Young Blood

I shout through ink

05:02 AM July 14, 2019

“With every word unspoken, hope becomes…”

For a brief moment, I paused. By Jove, I needed only one word for the poem to be completed, but here I was, at a loss.


Well, this picture of my frustration doesn’t seem to be unusual. I have a speech problem, though I can still communicate. How did I get it? I don’t know. I often can’t say a word — or anything —whenever I feel tensed. But I always feel this tension in my life, so I often can’t say something.

How is it like? It’s like trying to say the simple word “apple,” but you only end up with lips pressed and ready to utter, but stuck at that.


Yes, I experienced bullying when I was in elementary school. I don’t categorize them as mere “bad” experiences, but as traumas that exacerbated my speech problem.

There are times when I need to buy something at a local store and regard it with great anxiety as my doom, because then I will just likely end up communicating through hand gestures or the usual nod and shake of the head.

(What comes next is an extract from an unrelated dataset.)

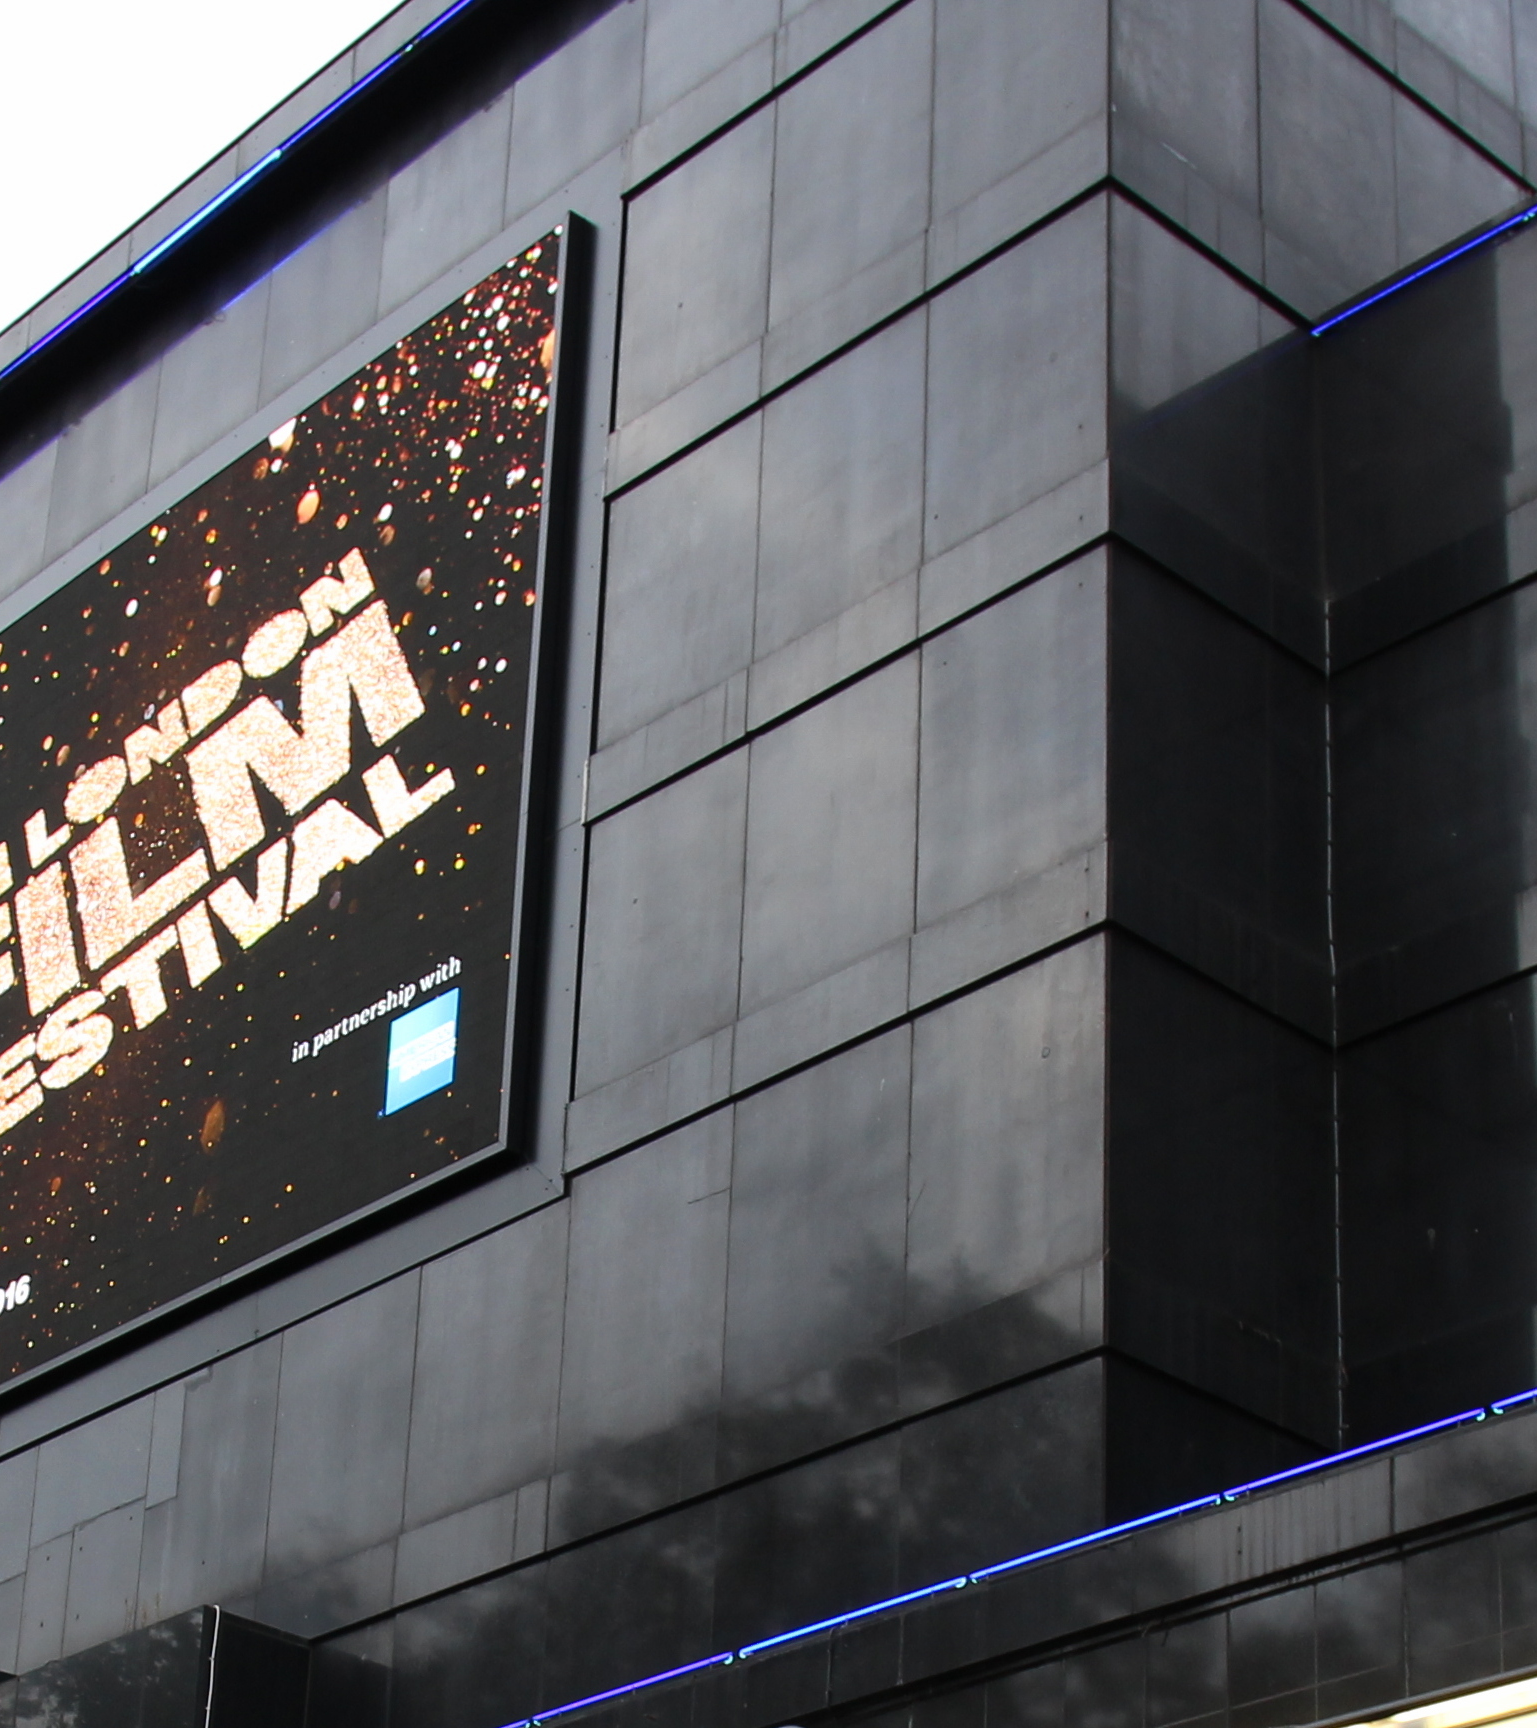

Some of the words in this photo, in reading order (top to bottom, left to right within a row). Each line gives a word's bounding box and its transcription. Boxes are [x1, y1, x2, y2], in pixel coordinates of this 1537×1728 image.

[25, 545, 377, 870] LONDON
[291, 1040, 310, 1063] in
[312, 982, 417, 1057] partnership
[419, 955, 462, 993] with

And if I get lucky — which I always am not — I could probably say the thing I want to buy or, if the heavens spared a little light, I could say the Kapampángan words “wa” and “ali,” which mean yes and no in English.

I’ve become immune to the awkward silence that follows whenever they wait for my response. Oftentimes, I just improvise. I write down the stuff I want to buy and casually hand the list over. It pains me when I can’t even say the word “thank you.”

I am growing up, and I still have to carry this handicap every time. That is why I choose not to speak much when meeting new people, pretending that I am somewhat the “silent type” and hiding in this false pretense. With years of suffering from this condition, I have observed that it somehow lessens whenever I am with friends I have known for a long time.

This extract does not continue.